### Install and Initialize PySpark
We will now set up **PySpark** to work with product and order data.

1. **Install PySpark**  
   - Use `!pip install pyspark` since PySpark is not pre-installed in Google Colab.  

2. **Create a SparkSession**  
   - `SparkSession` is the entry point for using PySpark.  
   - We set the application name as `"Product-Order-Example"`.  
   - Once created, the `spark` object will let us work with DataFrames and SQL queries.


In [1]:
!pip install pyspark

from pyspark.sql import SparkSession

spark = SparkSession.builder.appName("Product-Order-Example").getOrCreate()



### Create Product and Order DataFrames
We will now create two sample datasets in PySpark:

1. **Product Data**  
   - Contains details like `product_id`, `name`, `category`, and `price`.  
   - Example: `(101, "Laptop", "Electronics", 55000)`.  

2. **Order Data**  
   - Contains details like `order_id`, `product_id`, `quantity`, and `customer`.  
   - Example: `(201, 101, 2, "Rahul Sharma")`.  
   - Notice one record has a `product_id` (106) that does not exist in the product catalog → simulates invalid data.  
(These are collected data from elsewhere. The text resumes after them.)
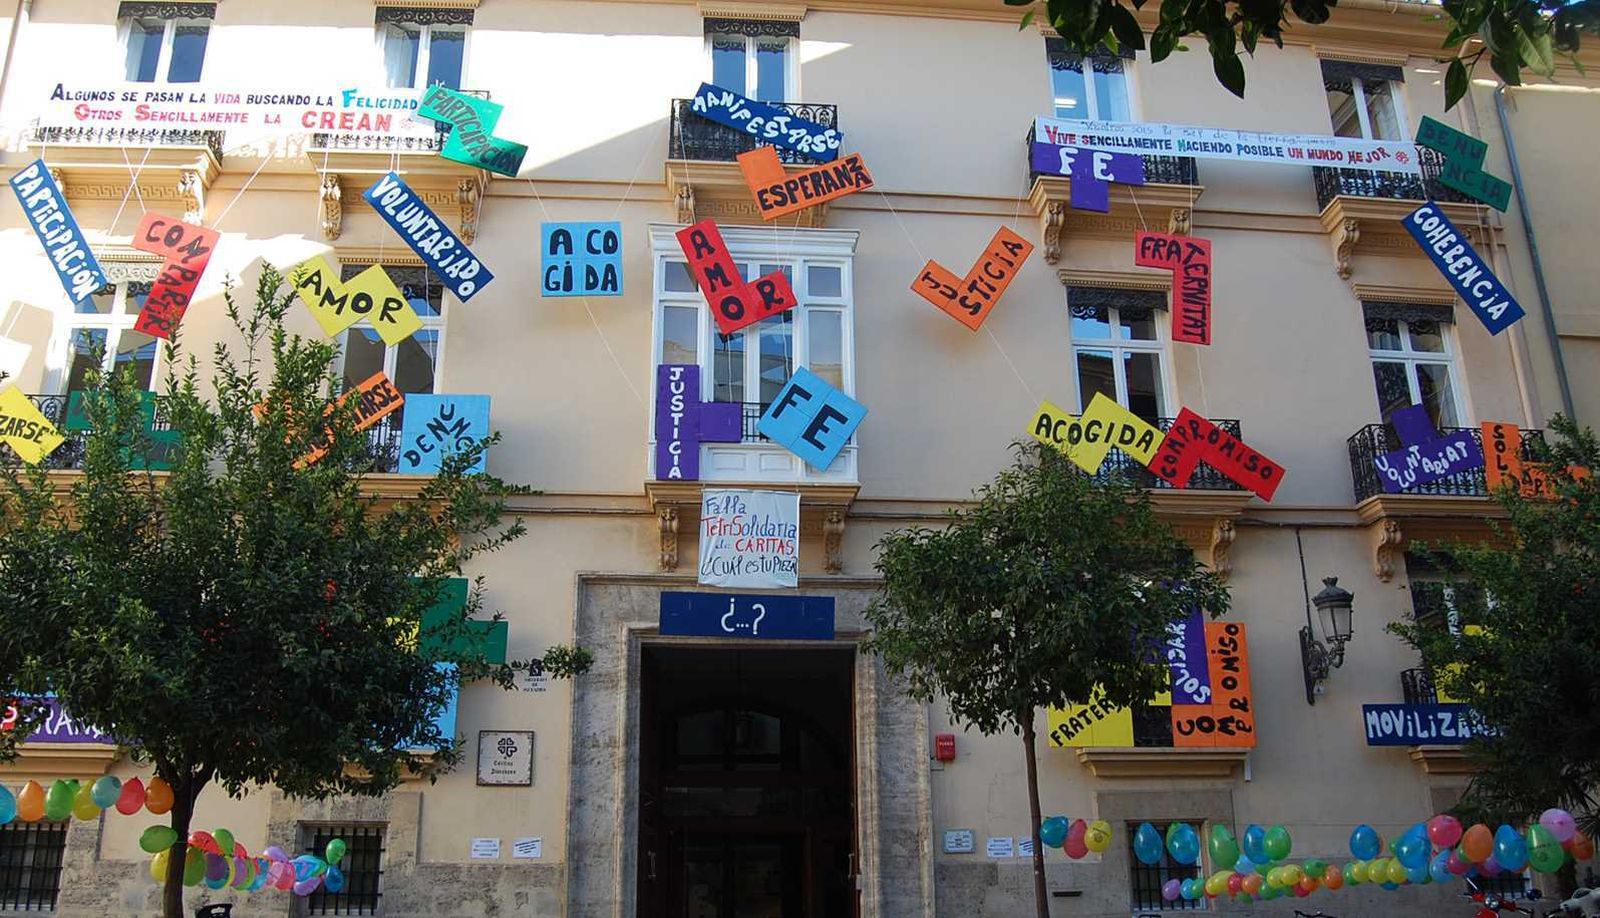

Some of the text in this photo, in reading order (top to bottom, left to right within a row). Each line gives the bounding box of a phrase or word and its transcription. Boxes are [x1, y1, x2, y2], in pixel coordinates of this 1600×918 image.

[51, 83, 418, 110] ALGUNOS SE PASAN LA VIDA BUSCANDO LA FELICIDAD
[74, 103, 392, 132] OTROS SENCILLAMENTE LA CREAN
[1044, 124, 1391, 164] VIVE SENCILLAMENTE HACIENDO POSIBLE UN MUNDO MEJOR
[1059, 147, 1115, 181] FE
[757, 157, 873, 211] ESPERANZA
[300, 269, 404, 323] AMOR
[690, 229, 784, 321] AMOR
[668, 367, 685, 479] JUSTICIA
[771, 383, 848, 451] FE
[1035, 412, 1155, 454] ACOGIDA
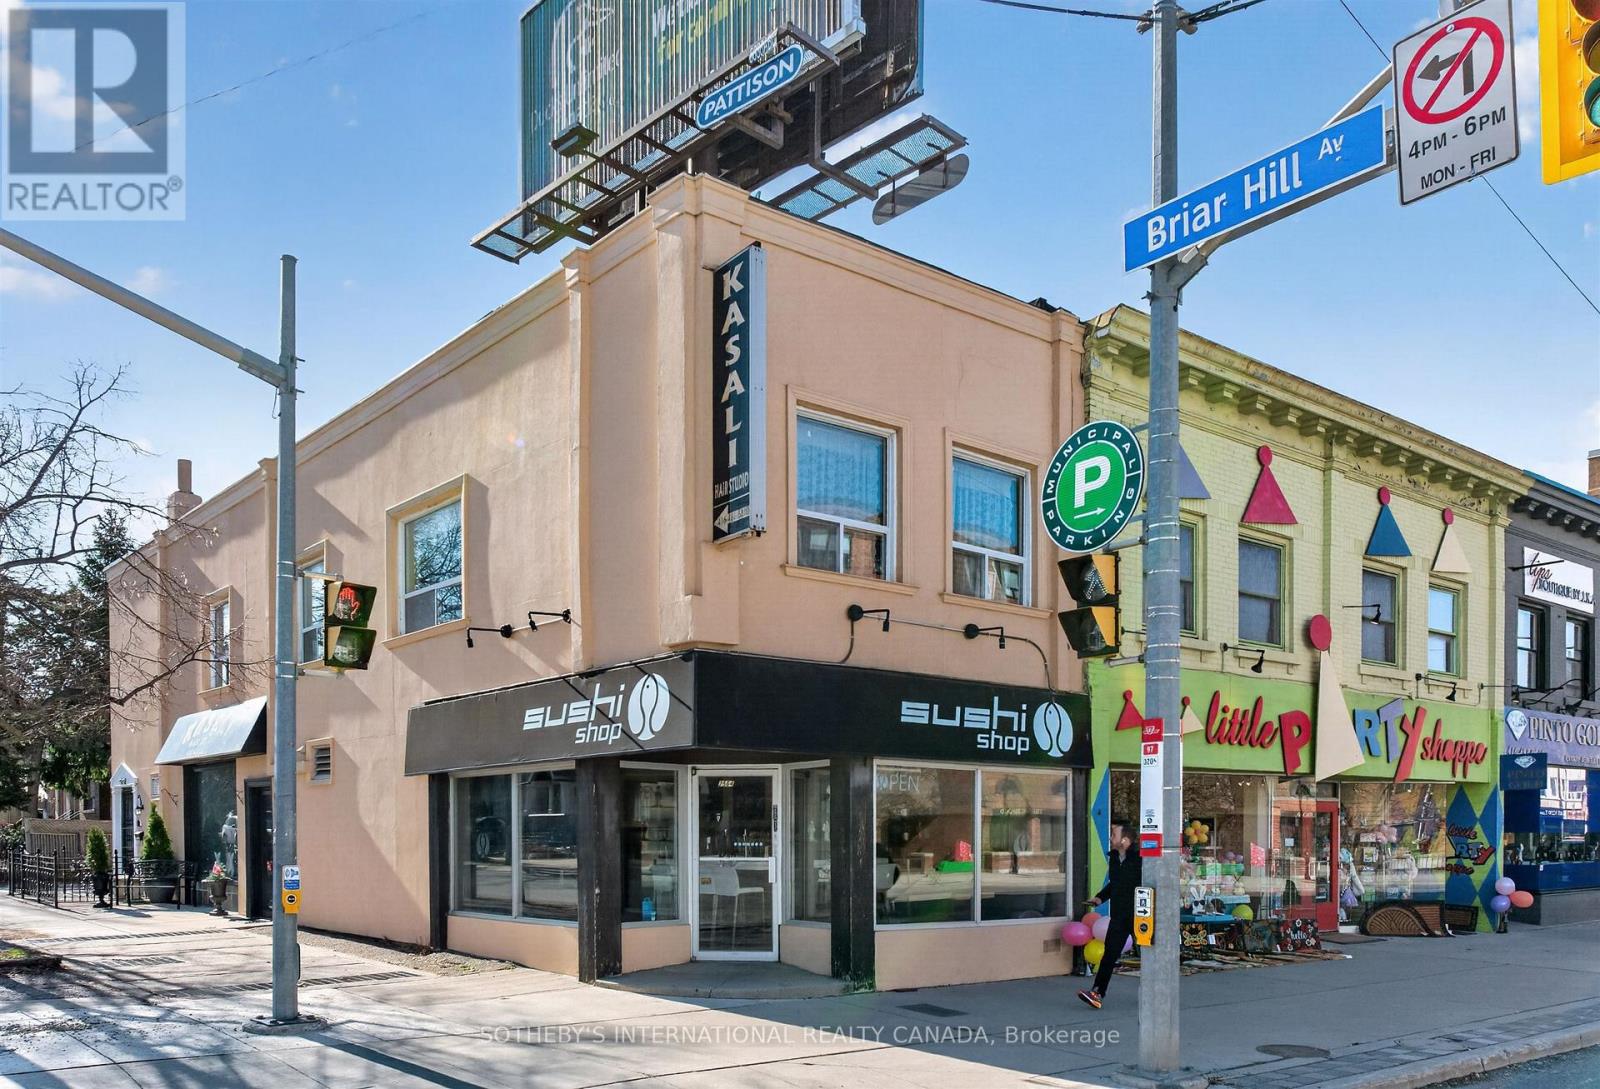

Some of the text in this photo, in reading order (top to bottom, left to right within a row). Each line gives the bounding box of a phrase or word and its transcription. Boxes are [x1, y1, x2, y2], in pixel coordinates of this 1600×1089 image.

[704, 58, 794, 121] PATTISON
[1408, 132, 1447, 159] 4PM
[1464, 106, 1506, 136] 6PM
[1421, 163, 1455, 190] MON
[1470, 146, 1496, 170] FRI
[1147, 192, 1227, 253] Briar
[1244, 151, 1303, 210] Hill
[720, 260, 746, 469] KASALI
[714, 471, 749, 499] HAIR STUDIO
[1046, 427, 1136, 494] MUNICIPAL
[1073, 455, 1111, 509] P
[1046, 487, 1135, 546] PARKING
[522, 683, 626, 731] sushi
[574, 722, 623, 745] shop
[900, 696, 1028, 732] sushi
[1205, 690, 1281, 748] little
[1529, 716, 1573, 743] PINTO
[976, 731, 1030, 755] shop
3. Convert both lists into PySpark **DataFrames** using `spark.createDataFrame()`.  

4. Use `.show()` to display the DataFrames.


In [2]:
# Product data
product_data = [
    (101, "Laptop", "Electronics", 55000),
    (102, "Mobile Phone", "Electronics", 25000),
    (103, "Chair", "Furniture", 5000),
    (104, "Book", "Stationery", 300),
    (105, "Headphones", "Electronics", 3000)
]

product_cols = ["product_id", "name", "category", "price"]
product_df = spark.createDataFrame(product_data, product_cols)

# Order data
order_data = [
    (201, 101, 2, "Rahul Sharma"),
    (202, 102, 1, "Priya Singh"),
    (203, 103, 4, "Aman Kumar"),
    (204, 104, 10, "Sneha Reddy"),
    (205, 101, 1, "Arjun Mehta"),
    (206, 105, 3, "Rahul Sharma"),
    (207, 106, 1, "Ghost Customer")  # Order with product not in catalog
]

order_cols = ["order_id", "product_id", "quantity", "customer"]
order_df = spark.createDataFrame(order_data, order_cols)

# Show both
product_df.show()
order_df.show()


+----------+------------+-----------+-----+
|product_id|        name|   category|price|
+----------+------------+-----------+-----+
|       101|      Laptop|Electronics|55000|
|       102|Mobile Phone|Electronics|25000|
|       103|       Chair|  Furniture| 5000|
|       104|        Book| Stationery|  300|
|       105|  Headphones|Electronics| 3000|
+----------+------------+-----------+-----+

+--------+----------+--------+--------------+
|order_id|product_id|quantity|      customer|
+--------+----------+--------+--------------+
|     201|       101|       2|  Rahul Sharma|
|     202|       102|       1|   Priya Singh|
|     203|       103|       4|    Aman Kumar|
|     204|       104|      10|   Sneha Reddy|
|     205|       101|       1|   Arjun Mehta|
|     206|       105|       3|  Rahul Sharma|
|     207|       106|       1|Ghost Customer|
+--------+----------+--------+--------------+



### Basic Operations on Product DataFrame
We can perform common DataFrame operations in PySpark:

1. **Select specific columns**  
   - `product_df.select("name", "price")` → shows only product name and price.  

2. **Filter rows**  
   - `product_df.filter(product_df["price"] > 10000)` → returns products with price greater than 10,000.  

3. **Sort / Order by column**  
   - `product_df.orderBy(product_df["price"].desc())` → sorts products in descending order of price.


In [3]:
# Select specific columns
product_df.select("name", "price").show()

#Filter products with price > 10,000
product_df.filter(product_df["price"] > 10000).show()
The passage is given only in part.